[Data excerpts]
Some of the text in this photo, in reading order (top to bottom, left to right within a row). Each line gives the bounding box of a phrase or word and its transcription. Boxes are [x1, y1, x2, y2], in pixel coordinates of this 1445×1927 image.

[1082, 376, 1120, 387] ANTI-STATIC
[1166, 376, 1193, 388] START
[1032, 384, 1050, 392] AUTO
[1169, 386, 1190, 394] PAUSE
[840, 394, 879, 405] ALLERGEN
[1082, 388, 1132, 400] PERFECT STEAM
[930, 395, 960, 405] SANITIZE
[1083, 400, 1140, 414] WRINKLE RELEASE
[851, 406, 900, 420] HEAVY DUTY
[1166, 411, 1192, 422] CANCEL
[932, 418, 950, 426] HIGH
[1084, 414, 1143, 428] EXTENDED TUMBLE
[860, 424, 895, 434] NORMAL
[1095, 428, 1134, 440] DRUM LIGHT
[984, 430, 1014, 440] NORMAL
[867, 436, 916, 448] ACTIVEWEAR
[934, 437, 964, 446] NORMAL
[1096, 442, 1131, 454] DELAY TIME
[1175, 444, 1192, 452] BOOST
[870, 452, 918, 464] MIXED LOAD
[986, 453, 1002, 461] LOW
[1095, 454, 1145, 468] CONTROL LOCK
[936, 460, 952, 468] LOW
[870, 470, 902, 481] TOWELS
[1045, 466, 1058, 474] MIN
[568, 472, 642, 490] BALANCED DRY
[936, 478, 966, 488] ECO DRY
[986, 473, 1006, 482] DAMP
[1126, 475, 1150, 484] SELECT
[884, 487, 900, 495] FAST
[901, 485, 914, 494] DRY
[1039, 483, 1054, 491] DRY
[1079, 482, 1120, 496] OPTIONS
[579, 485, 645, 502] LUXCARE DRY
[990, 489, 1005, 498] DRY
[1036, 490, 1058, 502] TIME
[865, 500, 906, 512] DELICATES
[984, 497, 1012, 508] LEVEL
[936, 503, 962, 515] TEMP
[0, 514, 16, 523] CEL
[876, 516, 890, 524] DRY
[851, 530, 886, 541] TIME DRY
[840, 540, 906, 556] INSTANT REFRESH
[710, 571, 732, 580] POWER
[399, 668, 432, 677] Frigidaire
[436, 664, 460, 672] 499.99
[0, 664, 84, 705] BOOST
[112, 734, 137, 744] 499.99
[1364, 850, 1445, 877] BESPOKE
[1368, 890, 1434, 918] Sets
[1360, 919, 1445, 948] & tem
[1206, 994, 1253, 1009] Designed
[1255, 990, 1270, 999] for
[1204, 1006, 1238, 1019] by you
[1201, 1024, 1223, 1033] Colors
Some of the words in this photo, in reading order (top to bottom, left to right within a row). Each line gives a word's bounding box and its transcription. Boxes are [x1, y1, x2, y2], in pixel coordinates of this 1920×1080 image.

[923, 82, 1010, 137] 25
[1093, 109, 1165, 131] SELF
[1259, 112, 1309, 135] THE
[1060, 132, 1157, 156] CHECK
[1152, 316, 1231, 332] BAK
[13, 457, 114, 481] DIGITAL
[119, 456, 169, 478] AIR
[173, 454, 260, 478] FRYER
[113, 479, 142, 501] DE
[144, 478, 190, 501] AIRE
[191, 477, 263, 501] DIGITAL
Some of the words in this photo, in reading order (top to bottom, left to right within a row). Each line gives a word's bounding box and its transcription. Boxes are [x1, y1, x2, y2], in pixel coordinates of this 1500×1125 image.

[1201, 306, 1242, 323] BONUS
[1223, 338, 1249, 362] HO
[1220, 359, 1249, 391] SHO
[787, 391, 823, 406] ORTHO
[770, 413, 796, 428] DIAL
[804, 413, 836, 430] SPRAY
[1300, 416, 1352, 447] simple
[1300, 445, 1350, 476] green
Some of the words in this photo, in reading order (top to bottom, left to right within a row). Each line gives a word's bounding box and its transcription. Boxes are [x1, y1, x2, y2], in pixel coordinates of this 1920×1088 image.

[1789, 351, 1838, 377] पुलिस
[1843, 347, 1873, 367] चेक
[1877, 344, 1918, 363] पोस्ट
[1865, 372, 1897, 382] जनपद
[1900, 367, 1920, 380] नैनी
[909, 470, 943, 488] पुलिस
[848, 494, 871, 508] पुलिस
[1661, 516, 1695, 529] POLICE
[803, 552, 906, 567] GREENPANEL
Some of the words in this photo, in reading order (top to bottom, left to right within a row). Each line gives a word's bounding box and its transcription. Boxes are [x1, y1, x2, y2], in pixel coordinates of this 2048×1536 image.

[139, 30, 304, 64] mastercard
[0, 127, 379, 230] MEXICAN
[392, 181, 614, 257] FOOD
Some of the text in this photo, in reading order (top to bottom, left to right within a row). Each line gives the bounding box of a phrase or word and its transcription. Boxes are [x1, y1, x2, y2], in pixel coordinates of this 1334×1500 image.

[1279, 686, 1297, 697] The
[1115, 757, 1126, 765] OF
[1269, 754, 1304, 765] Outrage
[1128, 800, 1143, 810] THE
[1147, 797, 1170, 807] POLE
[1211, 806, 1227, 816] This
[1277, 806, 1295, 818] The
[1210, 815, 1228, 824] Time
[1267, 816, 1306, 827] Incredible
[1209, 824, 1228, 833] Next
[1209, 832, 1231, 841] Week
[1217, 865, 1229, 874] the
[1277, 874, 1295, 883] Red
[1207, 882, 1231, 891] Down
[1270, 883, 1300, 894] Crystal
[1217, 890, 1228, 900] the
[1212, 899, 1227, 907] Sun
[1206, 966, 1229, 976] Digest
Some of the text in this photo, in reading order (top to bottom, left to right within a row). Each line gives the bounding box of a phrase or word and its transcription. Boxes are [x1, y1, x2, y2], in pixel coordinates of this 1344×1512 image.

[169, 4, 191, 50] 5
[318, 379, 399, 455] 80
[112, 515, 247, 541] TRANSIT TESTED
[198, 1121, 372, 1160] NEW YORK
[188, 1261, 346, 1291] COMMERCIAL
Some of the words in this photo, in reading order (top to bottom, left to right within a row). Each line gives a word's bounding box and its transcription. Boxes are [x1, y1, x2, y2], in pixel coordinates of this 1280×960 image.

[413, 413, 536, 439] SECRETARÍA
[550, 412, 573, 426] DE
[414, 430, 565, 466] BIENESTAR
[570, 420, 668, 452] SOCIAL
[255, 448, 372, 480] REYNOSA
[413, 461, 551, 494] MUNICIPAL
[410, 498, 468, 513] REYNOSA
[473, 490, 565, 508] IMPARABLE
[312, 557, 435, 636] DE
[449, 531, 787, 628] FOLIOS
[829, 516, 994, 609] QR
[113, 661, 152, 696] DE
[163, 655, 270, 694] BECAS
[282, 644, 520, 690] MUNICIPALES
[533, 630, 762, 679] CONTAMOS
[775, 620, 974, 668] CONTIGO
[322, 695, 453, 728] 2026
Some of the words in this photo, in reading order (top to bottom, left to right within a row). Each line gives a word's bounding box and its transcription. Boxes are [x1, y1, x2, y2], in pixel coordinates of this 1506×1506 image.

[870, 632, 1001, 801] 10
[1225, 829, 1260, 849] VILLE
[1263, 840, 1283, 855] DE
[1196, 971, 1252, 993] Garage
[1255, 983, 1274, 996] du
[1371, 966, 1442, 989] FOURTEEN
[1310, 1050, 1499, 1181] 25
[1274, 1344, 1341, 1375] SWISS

## [WHAT THE TASK REQUIRES]
Go through the records above and copy each one exactly.

## [SOLUTION TO THIS EXERCISE]
Some of the text in this photo, in reading order (top to bottom, left to right within a row). Each line gives the bounding box of a phrase or word and its transcription. Boxes are [x1, y1, x2, y2], in pixel coordinates of this 1445×1927 image.

[1082, 376, 1120, 387] ANTI-STATIC
[1166, 376, 1193, 388] START
[1032, 384, 1050, 392] AUTO
[1169, 386, 1190, 394] PAUSE
[840, 394, 879, 405] ALLERGEN
[1082, 388, 1132, 400] PERFECT STEAM
[930, 395, 960, 405] SANITIZE
[1083, 400, 1140, 414] WRINKLE RELEASE
[851, 406, 900, 420] HEAVY DUTY
[1166, 411, 1192, 422] CANCEL
[932, 418, 950, 426] HIGH
[1084, 414, 1143, 428] EXTENDED TUMBLE
[860, 424, 895, 434] NORMAL
[1095, 428, 1134, 440] DRUM LIGHT
[984, 430, 1014, 440] NORMAL
[867, 436, 916, 448] ACTIVEWEAR
[934, 437, 964, 446] NORMAL
[1096, 442, 1131, 454] DELAY TIME
[1175, 444, 1192, 452] BOOST
[870, 452, 918, 464] MIXED LOAD
[986, 453, 1002, 461] LOW
[1095, 454, 1145, 468] CONTROL LOCK
[936, 460, 952, 468] LOW
[870, 470, 902, 481] TOWELS
[1045, 466, 1058, 474] MIN
[568, 472, 642, 490] BALANCED DRY
[936, 478, 966, 488] ECO DRY
[986, 473, 1006, 482] DAMP
[1126, 475, 1150, 484] SELECT
[884, 487, 900, 495] FAST
[901, 485, 914, 494] DRY
[1039, 483, 1054, 491] DRY
[1079, 482, 1120, 496] OPTIONS
[579, 485, 645, 502] LUXCARE DRY
[990, 489, 1005, 498] DRY
[1036, 490, 1058, 502] TIME
[865, 500, 906, 512] DELICATES
[984, 497, 1012, 508] LEVEL
[936, 503, 962, 515] TEMP
[0, 514, 16, 523] CEL
[876, 516, 890, 524] DRY
[851, 530, 886, 541] TIME DRY
[840, 540, 906, 556] INSTANT REFRESH
[710, 571, 732, 580] POWER
[399, 668, 432, 677] Frigidaire
[436, 664, 460, 672] 499.99
[0, 664, 84, 705] BOOST
[112, 734, 137, 744] 499.99
[1364, 850, 1445, 877] BESPOKE
[1368, 890, 1434, 918] Sets
[1360, 919, 1445, 948] & tem
[1206, 994, 1253, 1009] Designed
[1255, 990, 1270, 999] for
[1204, 1006, 1238, 1019] by you
[1201, 1024, 1223, 1033] Colors
Some of the words in this photo, in reading order (top to bottom, left to right within a row). Each line gives a word's bounding box and its transcription. Boxes are [x1, y1, x2, y2], in pixel coordinates of this 1920×1080 image.

[923, 82, 1010, 137] 25
[1093, 109, 1165, 131] SELF
[1259, 112, 1309, 135] THE
[1060, 132, 1157, 156] CHECK
[1152, 316, 1231, 332] BAK
[13, 457, 114, 481] DIGITAL
[119, 456, 169, 478] AIR
[173, 454, 260, 478] FRYER
[113, 479, 142, 501] DE
[144, 478, 190, 501] AIRE
[191, 477, 263, 501] DIGITAL
Some of the words in this photo, in reading order (top to bottom, left to right within a row). Each line gives a word's bounding box and its transcription. Boxes are [x1, y1, x2, y2], in pixel coordinates of this 1500×1125 image.

[1201, 306, 1242, 323] BONUS
[1223, 338, 1249, 362] HO
[1220, 359, 1249, 391] SHO
[787, 391, 823, 406] ORTHO
[770, 413, 796, 428] DIAL
[804, 413, 836, 430] SPRAY
[1300, 416, 1352, 447] simple
[1300, 445, 1350, 476] green
Some of the words in this photo, in reading order (top to bottom, left to right within a row). Each line gives a word's bounding box and its transcription. Boxes are [x1, y1, x2, y2], in pixel coordinates of this 1920×1088 image.

[1789, 351, 1838, 377] पुलिस
[1843, 347, 1873, 367] चेक
[1877, 344, 1918, 363] पोस्ट
[1865, 372, 1897, 382] जनपद
[1900, 367, 1920, 380] नैनी
[909, 470, 943, 488] पुलिस
[848, 494, 871, 508] पुलिस
[1661, 516, 1695, 529] POLICE
[803, 552, 906, 567] GREENPANEL
Some of the words in this photo, in reading order (top to bottom, left to right within a row). Each line gives a word's bounding box and its transcription. Boxes are [x1, y1, x2, y2], in pixel coordinates of this 2048×1536 image.

[139, 30, 304, 64] mastercard
[0, 127, 379, 230] MEXICAN
[392, 181, 614, 257] FOOD
Some of the text in this photo, in reading order (top to bottom, left to right within a row). Each line gives the bounding box of a phrase or word and its transcription. Boxes are [x1, y1, x2, y2], in pixel coordinates of this 1334×1500 image.

[1279, 686, 1297, 697] The
[1115, 757, 1126, 765] OF
[1269, 754, 1304, 765] Outrage
[1128, 800, 1143, 810] THE
[1147, 797, 1170, 807] POLE
[1211, 806, 1227, 816] This
[1277, 806, 1295, 818] The
[1210, 815, 1228, 824] Time
[1267, 816, 1306, 827] Incredible
[1209, 824, 1228, 833] Next
[1209, 832, 1231, 841] Week
[1217, 865, 1229, 874] the
[1277, 874, 1295, 883] Red
[1207, 882, 1231, 891] Down
[1270, 883, 1300, 894] Crystal
[1217, 890, 1228, 900] the
[1212, 899, 1227, 907] Sun
[1206, 966, 1229, 976] Digest
Some of the text in this photo, in reading order (top to bottom, left to right within a row). Each line gives the bounding box of a phrase or word and its transcription. Boxes are [x1, y1, x2, y2], in pixel coordinates of this 1344×1512 image.

[169, 4, 191, 50] 5
[318, 379, 399, 455] 80
[112, 515, 247, 541] TRANSIT TESTED
[198, 1121, 372, 1160] NEW YORK
[188, 1261, 346, 1291] COMMERCIAL
Some of the words in this photo, in reading order (top to bottom, left to right within a row). Each line gives a word's bounding box and its transcription. Boxes are [x1, y1, x2, y2], in pixel coordinates of this 1280×960 image.

[413, 413, 536, 439] SECRETARÍA
[550, 412, 573, 426] DE
[414, 430, 565, 466] BIENESTAR
[570, 420, 668, 452] SOCIAL
[255, 448, 372, 480] REYNOSA
[413, 461, 551, 494] MUNICIPAL
[410, 498, 468, 513] REYNOSA
[473, 490, 565, 508] IMPARABLE
[312, 557, 435, 636] DE
[449, 531, 787, 628] FOLIOS
[829, 516, 994, 609] QR
[113, 661, 152, 696] DE
[163, 655, 270, 694] BECAS
[282, 644, 520, 690] MUNICIPALES
[533, 630, 762, 679] CONTAMOS
[775, 620, 974, 668] CONTIGO
[322, 695, 453, 728] 2026
Some of the words in this photo, in reading order (top to bottom, left to right within a row). Each line gives a word's bounding box and its transcription. Boxes are [x1, y1, x2, y2], in pixel coordinates of this 1506×1506 image.

[870, 632, 1001, 801] 10
[1225, 829, 1260, 849] VILLE
[1263, 840, 1283, 855] DE
[1196, 971, 1252, 993] Garage
[1255, 983, 1274, 996] du
[1371, 966, 1442, 989] FOURTEEN
[1310, 1050, 1499, 1181] 25
[1274, 1344, 1341, 1375] SWISS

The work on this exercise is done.